Met deze vaststelling hebben we meteen fundamentele problemen van de literaire esthetica geraakt: de centrale vraag, wat is literatuur eigenlijk, wat is een literair kunstwerk; en subsidiaire vragen als wie is eigenlijk kunstenaar, hoe werkt een kunstenaar? Deze problemen, waarover reeds zoveel dikke boeken zijn geschreven en die reeds van zoveel verschillende kanten zijn benaderd, kunnen hier natuurlijk niet opgelost worden.

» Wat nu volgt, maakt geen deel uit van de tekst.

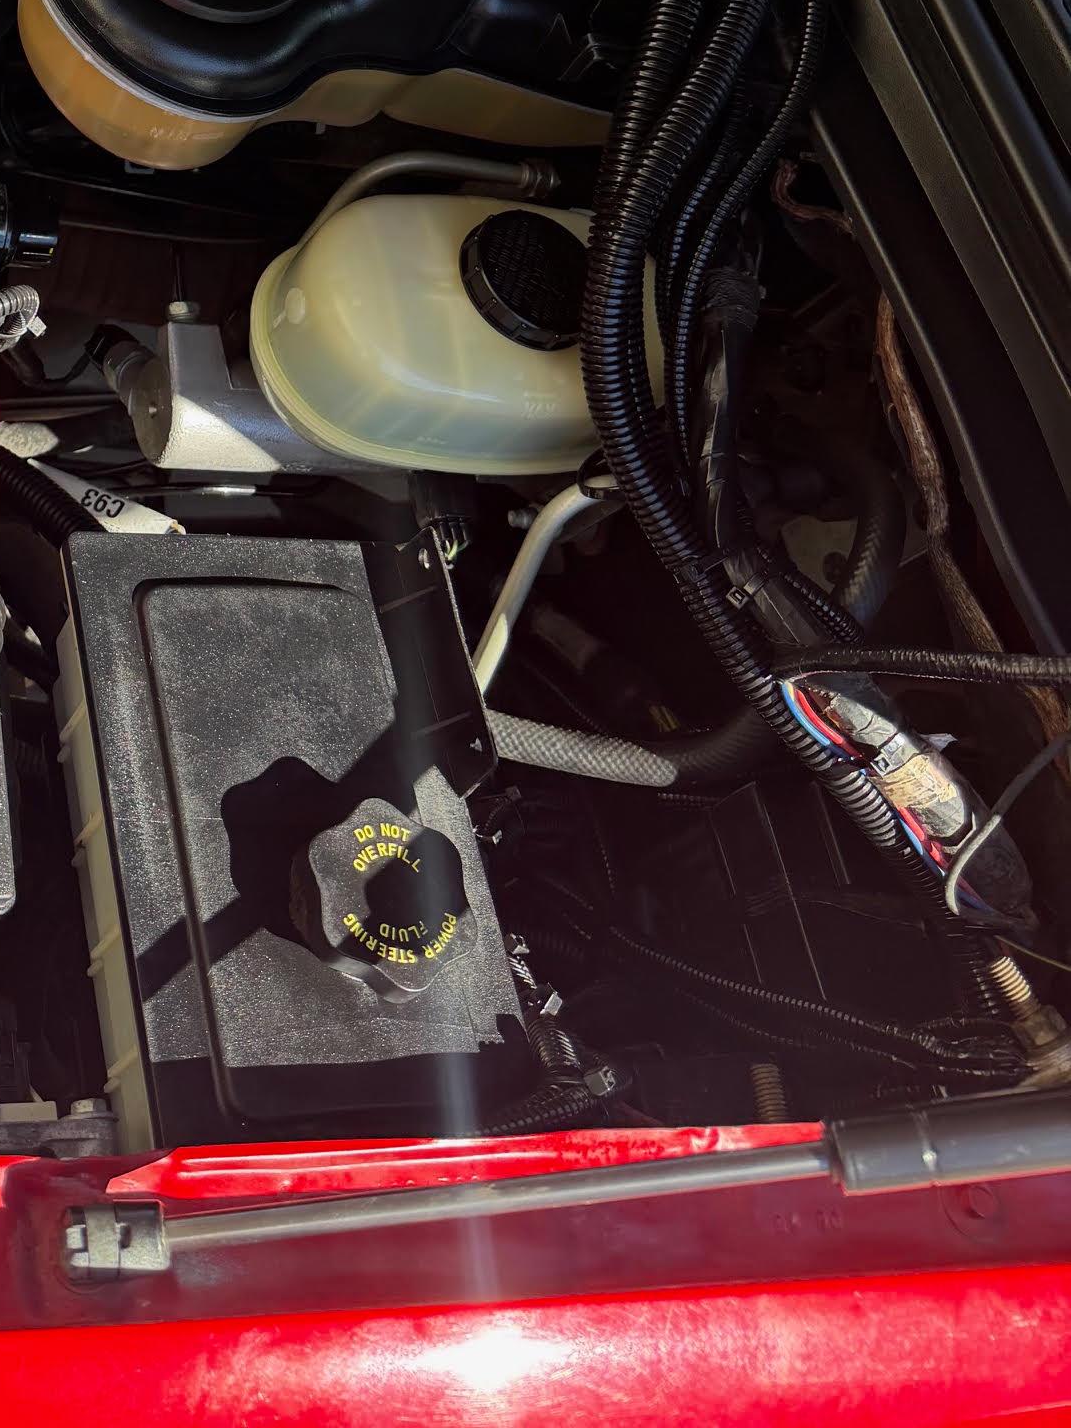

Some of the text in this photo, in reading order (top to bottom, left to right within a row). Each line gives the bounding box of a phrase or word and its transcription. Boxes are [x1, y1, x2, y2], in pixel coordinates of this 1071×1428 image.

[81, 488, 125, 518] C93
[353, 823, 411, 843] DO NOT
[353, 842, 421, 872] OVERFILL
[343, 912, 457, 964] POWER STEERING
[380, 920, 428, 942] FLUID

Een poging om ze onbevooroordeeld te bekijken is al wat in dit bestek mogelijk is. Daarna zal het makkelijker zijn de term in een historisch verband te plaatsen en de oorsprong ervan te zien.
Wanneer men over literaire esthetica praat, verdient het steeds aanbeveling de drie elementen die onontbeerlijk zijn bij elke kunstbeleving in het oog te houden en voorafgaandelijk te onderzoeken: de schepper, hier de schrijver, het voortgebrachte product, hier het literaire kunstwerk, en de ontvanger, hier de lezer of (toe)hoorder. Enkele woorden over deze drie elementen.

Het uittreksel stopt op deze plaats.